My Son Is A Drug Addict: When Is It Time To Let Go?

Letting go of a drug addict son can feel like giving up, but it is not quite so. Many parents wonder about how to let go of an addict you love when this endeavor seems too painful to take. Understand when it is time to turn the page, yet still remain hopeful in their addiction recovery.

The discovery of a child’s addiction can be one of the most painful heartbreaks as a parent. We envision our children growing up living a life that is even better than our own–but these hopes and expectations come crashing down at the clutches of substance abuse.

The truth is, the pain and challenges of this predicament don’t stop at the discovery of addiction. It goes on to continue until your child decides to get treatment. However, what if this request is met with statements of denial or even rebellion on your child’s end? What are you to do as a parent? What should you do if your son refuses to recover from addiction?

What It’s Like Loving An Addict

Loving a drug addict can be synonymous with being a vessel filled with water. In the beginning, you may be filled with feelings of hope that your loved one will get better. You may coax them into going into rehab, convincing through the varying routes of emotions and logic, or even solicit the help of others. As a parent, you end up doing these specific things:

  • Talking one-on-one with your child: You may confront your child about their addiction, explaining its dangers and telling them that they should get help.
  • Setting up an intervention: Other parents prefer to involve other family members and professionals in the process. Through a planned meeting with your child’s loved ones, you will all write down memories, reasons, and other things that can convince your child to get treatment.
  • Court-ordered rehab: If a gentler approach doesn’t work, you can resort to law enforcement to bring your child to addiction treatment. However, this is only applicable to children below 18-21 in most states.

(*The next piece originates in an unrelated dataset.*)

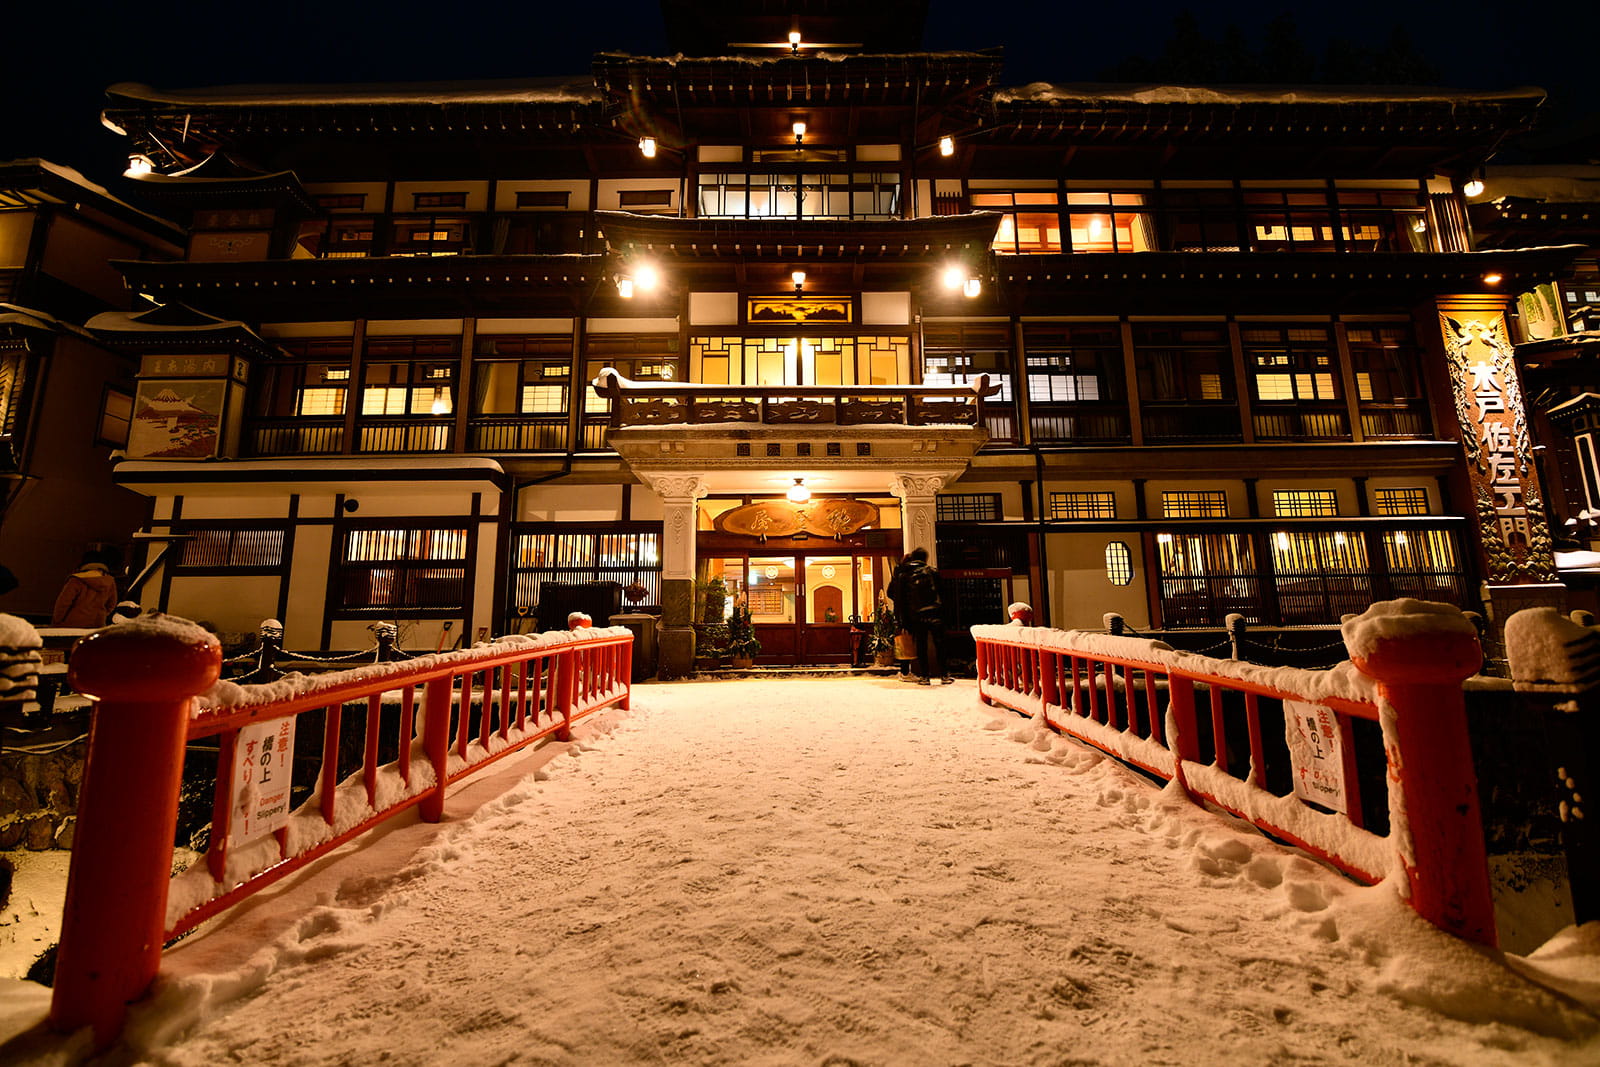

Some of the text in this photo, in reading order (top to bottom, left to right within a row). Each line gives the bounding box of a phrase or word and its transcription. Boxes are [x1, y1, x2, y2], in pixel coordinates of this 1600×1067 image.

[259, 735, 274, 784] 橋の上
[1306, 716, 1325, 760] 橋の上
[260, 792, 284, 807] Danger

As you do these things to no avail, your vessel is continuously being emptied, being poured out to your loved one. When they show stubbornness, there will come a point where your vessel runs empty, leaving you with nothing. This may be the time that you need to know when to give up on an addict.

Knowing When It’s Time To Let Go

As mentioned, every parent has their limits. When children are younger, it is understandable that we have full authority over the things that they should or shouldn’t do. Our control over their lives eventually wanes as they reach adulthood, and this is when learning to love a drug addict becomes increasingly difficult.

There’s a fine line between being supportive towards addiction recovery and learning to let go of the situation for the better. Here are some signs that you may need to take a step back about your son’s addiction:

  • Your attempts to help have caused your life and others to be in danger: Some people with addictions end up committing petty crimes and even felonies. If being involved with your son poses a threat to you and other loved one’s safety or even their lives, it may be time to let go.
  • You are becoming financially unstable: As a parent, you want to give your son the best chance in life. But if it compromises your own financial security that you end up losing money for your own daily needs, this is also a potential sign. Some parents even lose financially as they become enablers of their son’s addiction.
  • Your health is suffering: If you are depressed, anxious, experiencing rage or have developed other physical health problems due to your son’s addiction, this is a symptom that you need to do something different.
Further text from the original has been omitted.